Role for Id‐1 in immunobiology of normal keratinocytes and in basal cell carcinoma

Abstract It has been established that Id proteins can block the basic helix-loop-helix (HLH) transcription factors, thereby impacting the onset of senescence in keratinocytes, as well as influencing tumorigenesis involving squamous cell carcinomas. However, the ability of Id-1 to influence the immunologic response of epithelial cells to cytokines implicated in cutaneous oncology such as gamma interferon (IFN-gamma) has not been determined. Using a whole population of human keratinocytes infected with a retrovirus to induce over-expression of Id-1, the influence on early differentiation of rapidly proliferating keratinocytes was assessed, as was the response to IFN-gamma. While induction of involucrin, a marker of early differentiation, was not altered in Id-1 overexpressing keratinocytes, the IFN-gamma mediated increase in intercellular adhesion molecule-1 (ICAM-1) and HLA-DR was reduced.

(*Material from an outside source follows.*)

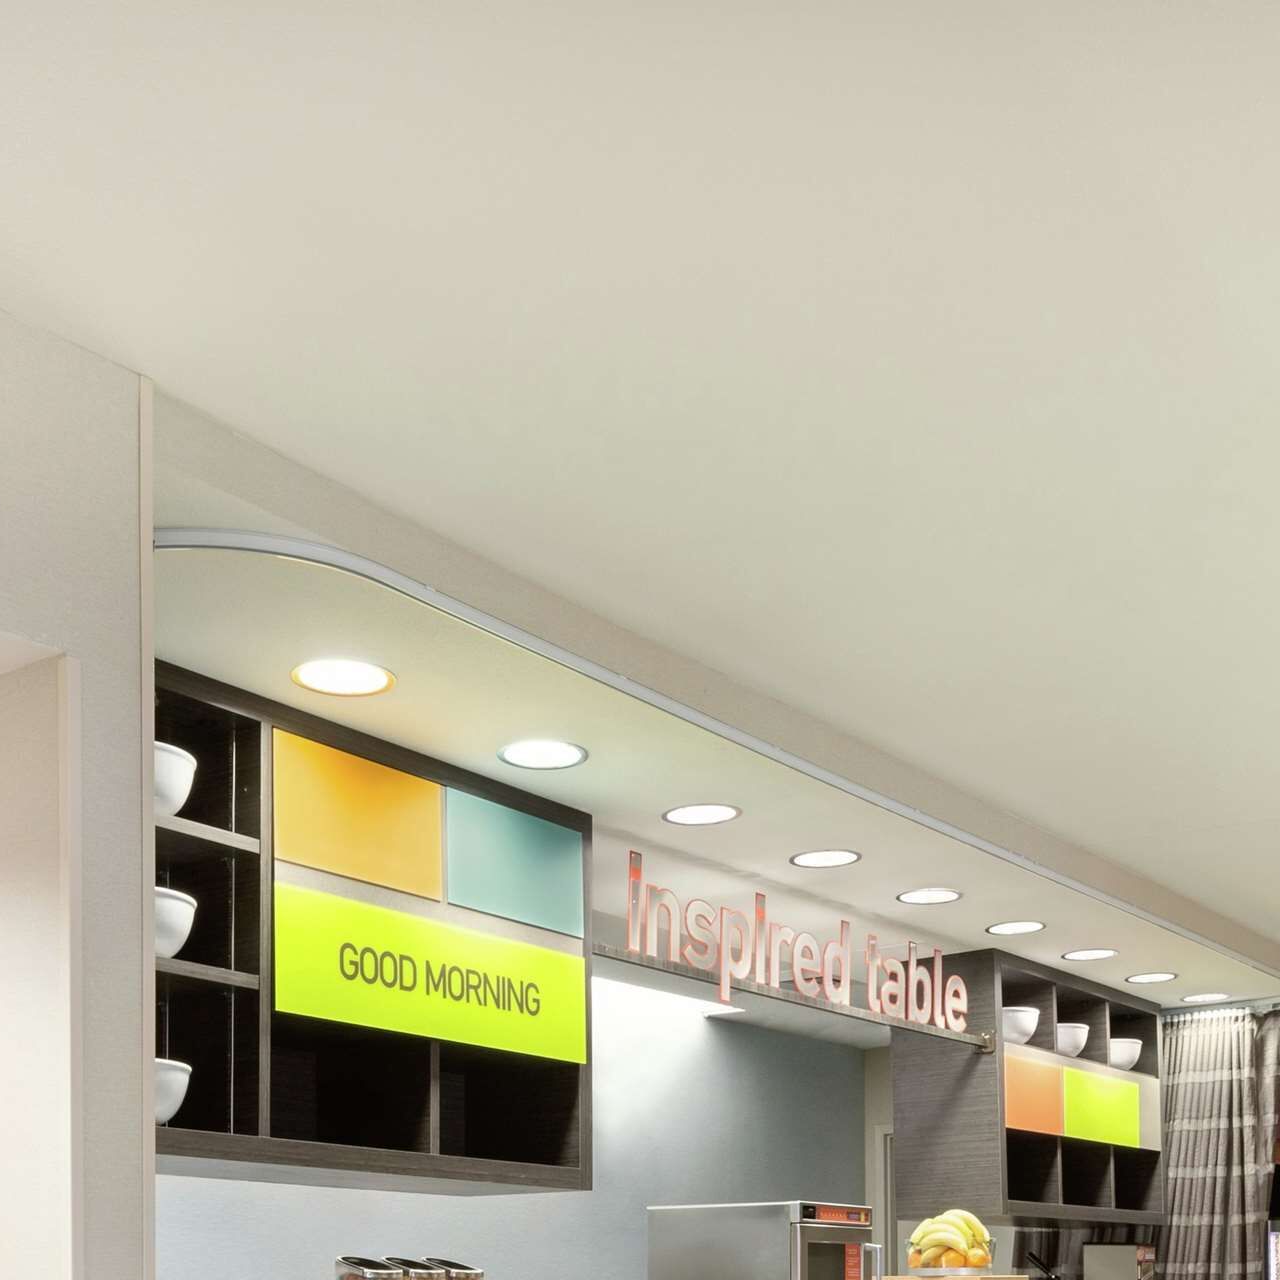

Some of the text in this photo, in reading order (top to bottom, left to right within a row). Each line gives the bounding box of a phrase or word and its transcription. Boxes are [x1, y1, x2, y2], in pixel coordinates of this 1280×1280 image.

[339, 942, 541, 1017] GOOD MORNING
[864, 933, 969, 1034] table

No change in constitutive or inducible levels of MHC class I antigen, CD95 (Fas antigen) or LFA-3 (CD58) was observed in this system. Immunostaining and Western blot analysis revealed over-expression of Id-1 in basal cell carcinomas (BCCs). These tumors not only strongly and diffusely expressed Id-1, but were also characterized by reduced ICAM-1 and HLA-DR expression. Thus, dysregulated Id-1 may not only contribute to delaying the senescence program in keratinocytes, it may also contribute to the escape of the relatively undifferentiated tumor cells in BCC from immune surveillance.